*** Opening of Source data ***
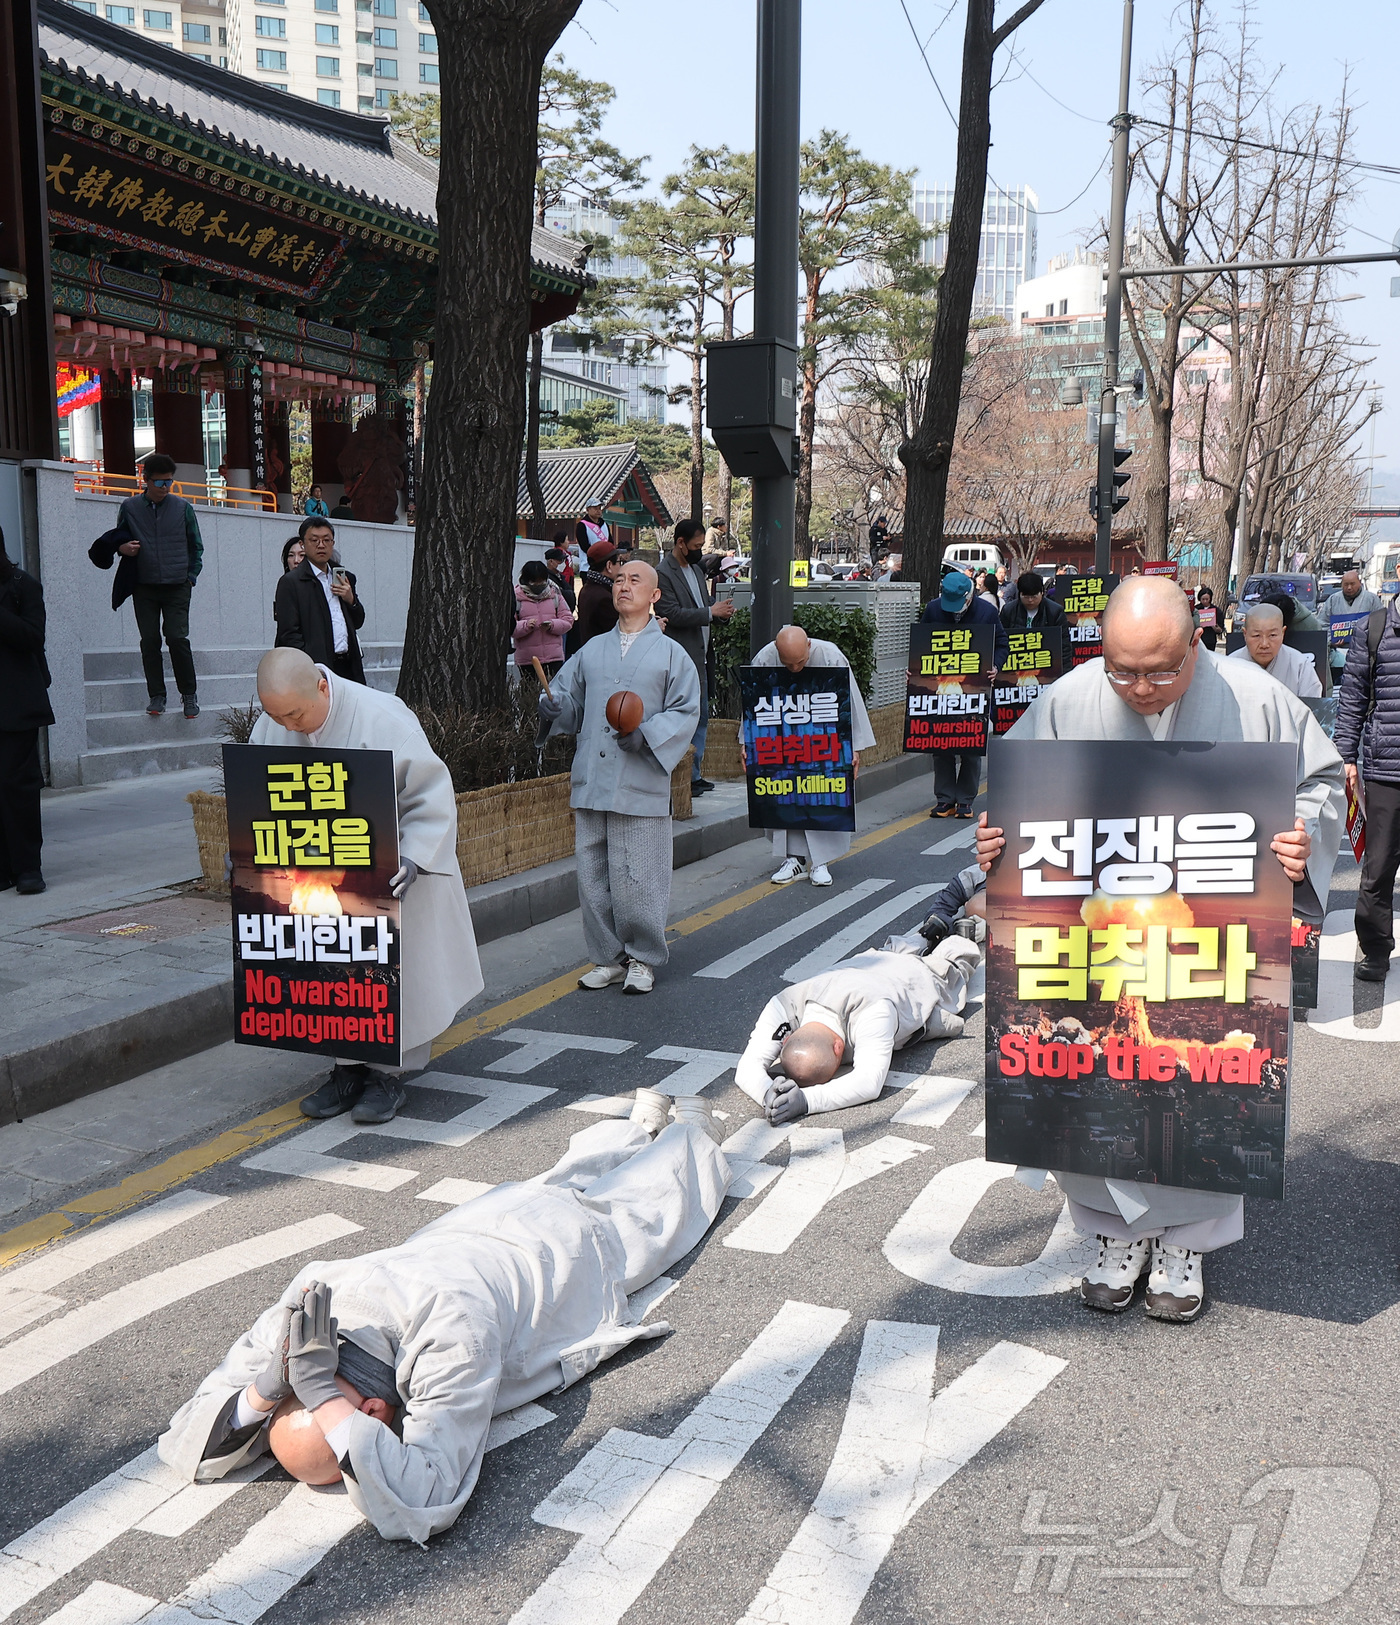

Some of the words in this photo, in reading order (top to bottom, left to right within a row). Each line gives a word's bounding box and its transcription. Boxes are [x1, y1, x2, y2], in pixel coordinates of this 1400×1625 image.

[1071, 577, 1104, 595] 군함
[1064, 594, 1110, 613] 파견을
[931, 629, 973, 652] 군함
[1008, 631, 1043, 652] 군함
[1068, 624, 1103, 642] 대한
[920, 652, 981, 675] 파견을
[908, 693, 988, 716] 반대한다
[994, 684, 1049, 706] 반대한
[753, 692, 840, 726] 살생을
[997, 707, 1014, 720] No
[910, 719, 930, 735] No
[933, 720, 983, 735] warship
[755, 732, 842, 765] 멈춰라
[906, 734, 985, 750] deployment!
[267, 762, 348, 811] 군함
[754, 777, 793, 796] Stop
[796, 775, 847, 794] killing
[252, 817, 371, 867] 파견을
[1018, 812, 1258, 897] 전쟁을
[238, 913, 394, 965] 반대한다
[1291, 925, 1312, 947] ar
[1014, 923, 1258, 1003] 멈춰라
[245, 969, 282, 1005] No
[289, 976, 388, 1013] warship
[240, 1007, 394, 1044] deployment!
[999, 1033, 1095, 1080] Stop
[1103, 1036, 1177, 1082] the
[1186, 1046, 1273, 1085] war
*** Close of Source data ***
## Exercise
What is needed is every record above, restated word for word, with the pictures left out.

## Reply
Some of the words in this photo, in reading order (top to bottom, left to right within a row). Each line gives a word's bounding box and its transcription. Boxes are [x1, y1, x2, y2], in pixel coordinates of this 1400×1625 image.

[1071, 577, 1104, 595] 군함
[1064, 594, 1110, 613] 파견을
[931, 629, 973, 652] 군함
[1008, 631, 1043, 652] 군함
[1068, 624, 1103, 642] 대한
[920, 652, 981, 675] 파견을
[908, 693, 988, 716] 반대한다
[994, 684, 1049, 706] 반대한
[753, 692, 840, 726] 살생을
[997, 707, 1014, 720] No
[910, 719, 930, 735] No
[933, 720, 983, 735] warship
[755, 732, 842, 765] 멈춰라
[906, 734, 985, 750] deployment!
[267, 762, 348, 811] 군함
[754, 777, 793, 796] Stop
[796, 775, 847, 794] killing
[252, 817, 371, 867] 파견을
[1018, 812, 1258, 897] 전쟁을
[238, 913, 394, 965] 반대한다
[1291, 925, 1312, 947] ar
[1014, 923, 1258, 1003] 멈춰라
[245, 969, 282, 1005] No
[289, 976, 388, 1013] warship
[240, 1007, 394, 1044] deployment!
[999, 1033, 1095, 1080] Stop
[1103, 1036, 1177, 1082] the
[1186, 1046, 1273, 1085] war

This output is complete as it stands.